Members of Congress have justified the program by saying police departments need to be prepared to fight terrorism. “There could be a terrorist threat with people with high-cartridge ammunition and weaponry, where [police] might need to respond with some type of, something like that, although the national guard would be called out,” Rep. Steve Cohen (D-Tenn.) said Friday on MSNBC.
But Cohen was one of three lawmakers who wrote to House Judiciary Committee chairman Bob Goodlatte (R-Va.) last week urging him to hold a hearing to examine how much local law enforcement really needs access to military gear.

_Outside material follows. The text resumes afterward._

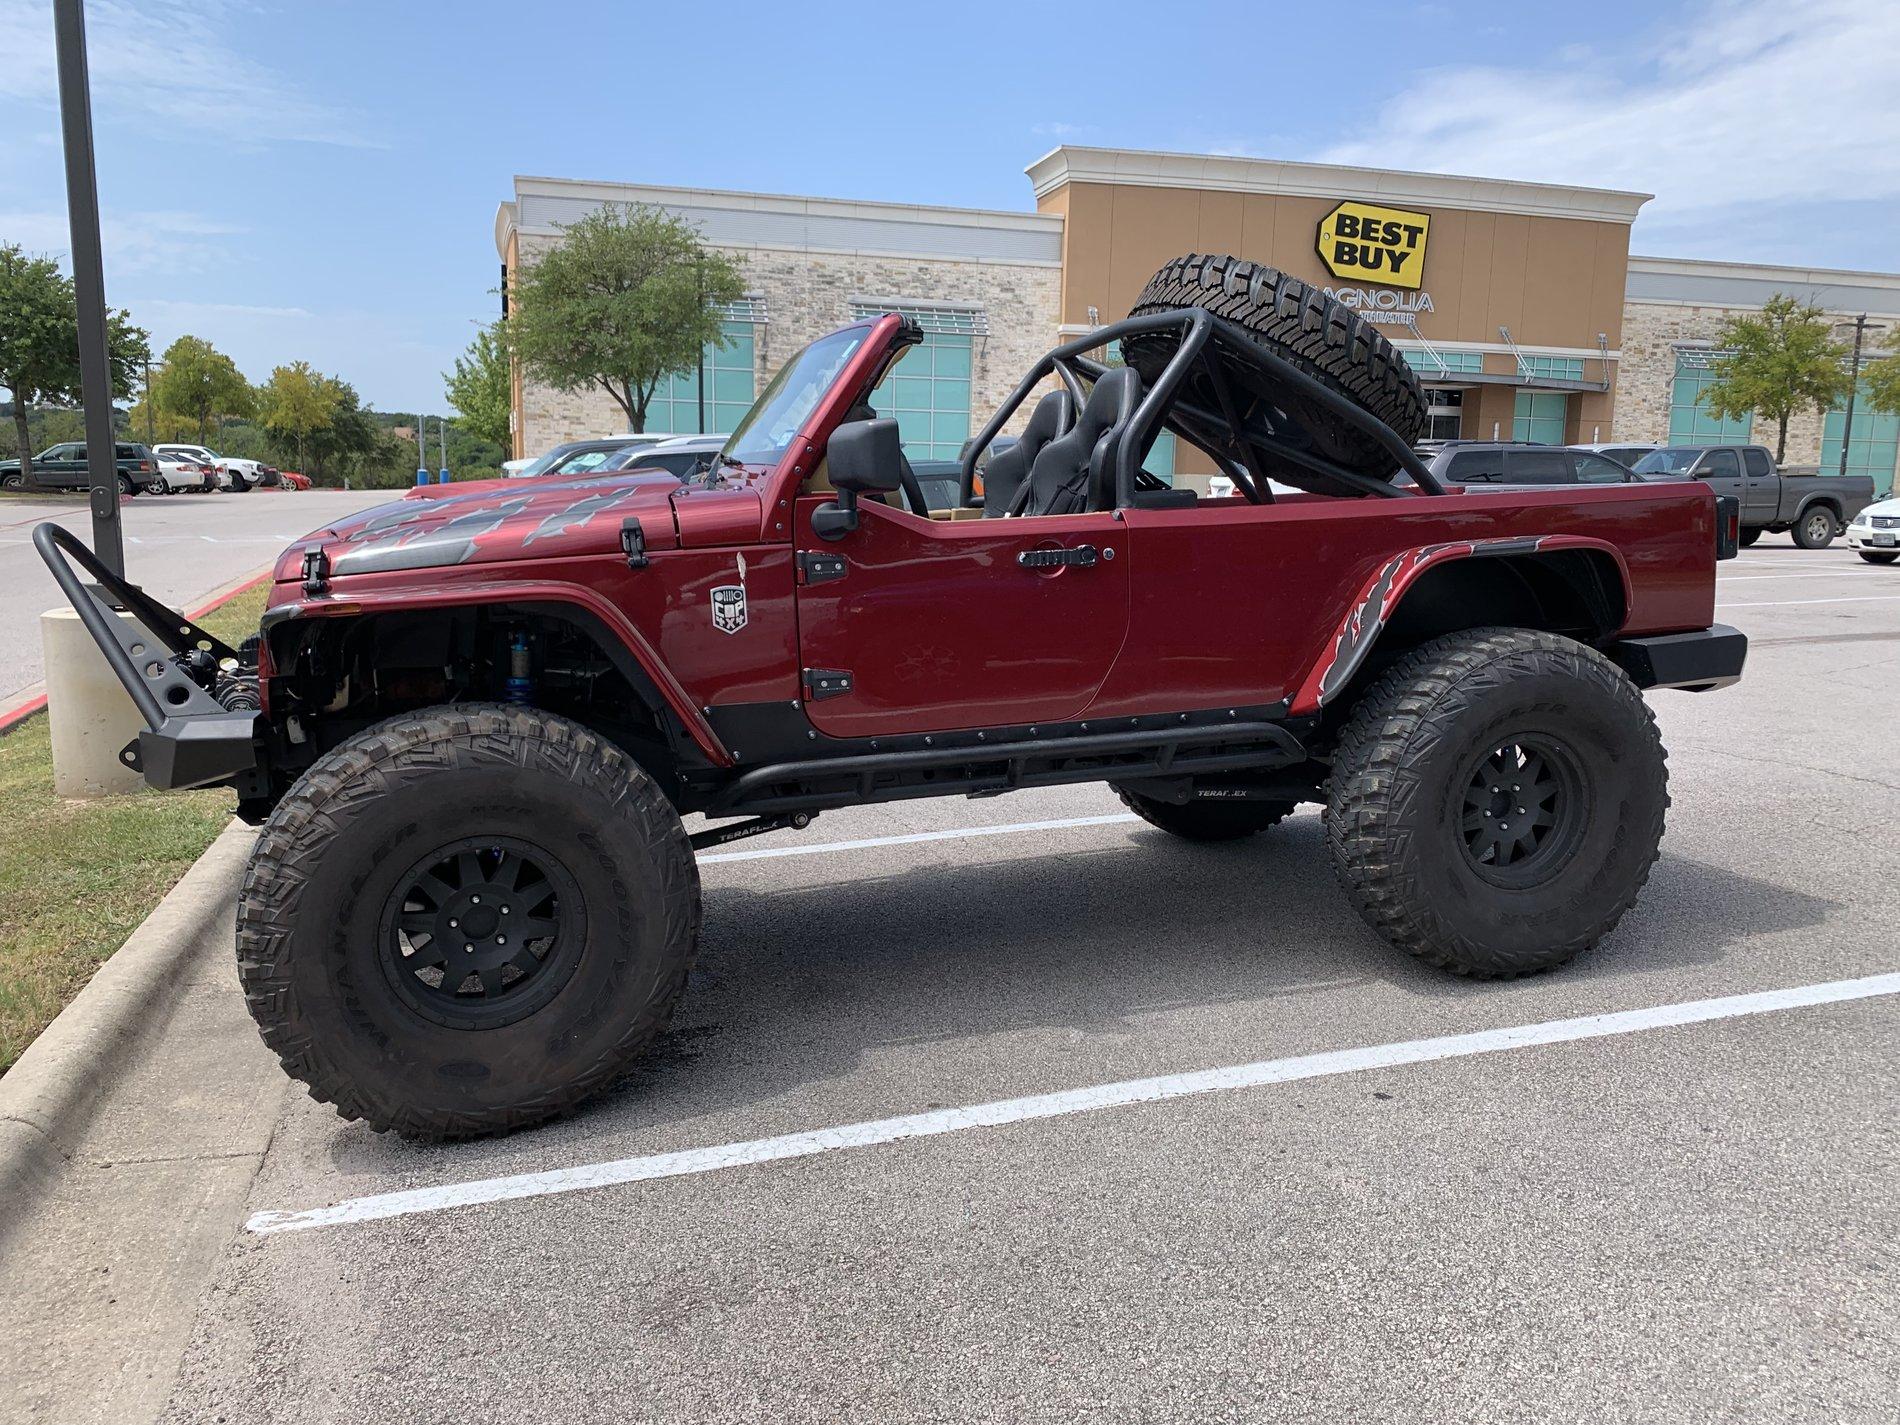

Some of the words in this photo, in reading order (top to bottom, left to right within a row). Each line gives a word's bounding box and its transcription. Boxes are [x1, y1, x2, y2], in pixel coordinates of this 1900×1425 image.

[1335, 213, 1424, 249] BEST
[1333, 241, 1411, 273] BUY
[1309, 284, 1435, 313] AGNOLIA
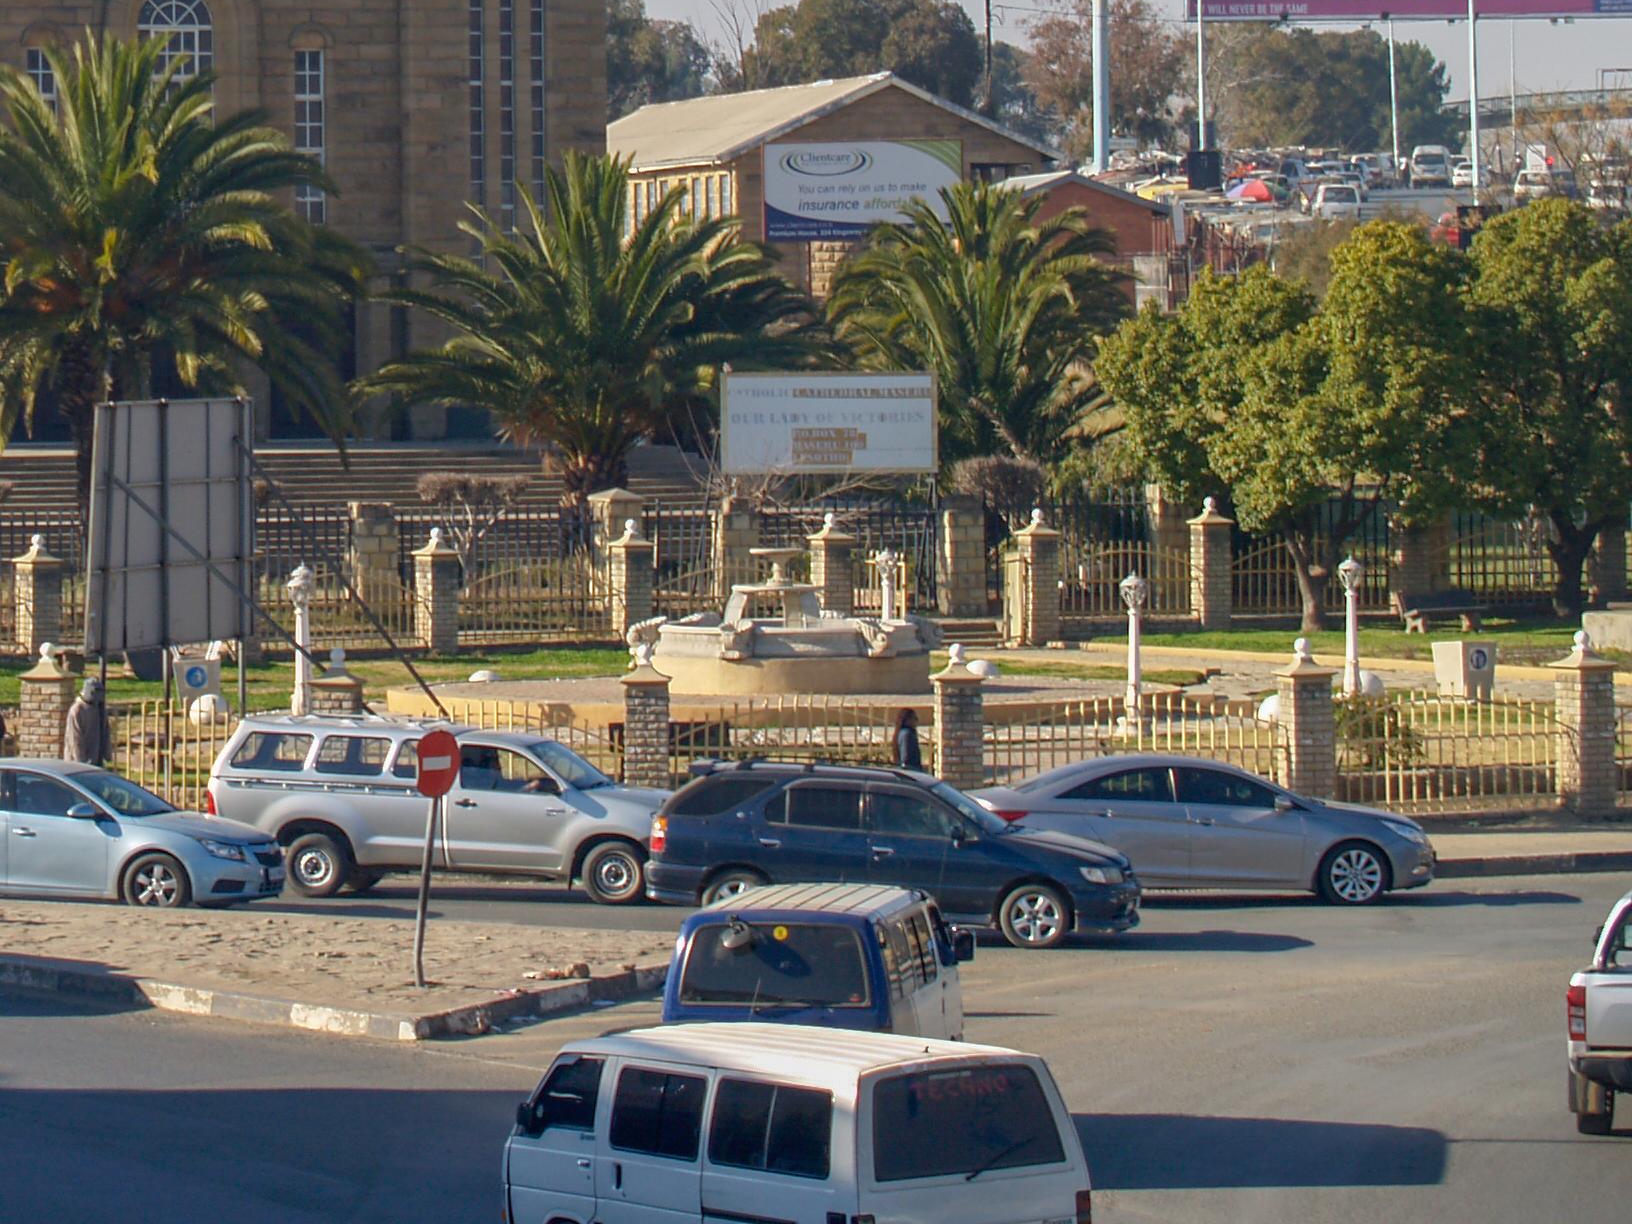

Wartime weapons should not be used “against our own citizens when there is civil unrest and civil protest,” Cohen said. “Even if it got to the point where it did where they are breaking some glass, that's no reason to come with the amount of force and appearance that was brought by the police in Ferguson.”
A Goodlatte spokeswoman said the congressman supports the investigation into Michael Brown’s death, but wouldn’t comment on the Pentagon program.
A petition on the White House website calling for an end to the program had nearly 500 signatures as of Monday afternoon. If the petition collects 100,000 signatures by Sept. 13, the White House will issue a response.
David McCabe contributed reporting.
CORRECTION: This article incorrectly stated that Rep. Alan Grayson didn't call on his colleagues to back his amendment. He sent them a Dear Colleague letter asking for their support.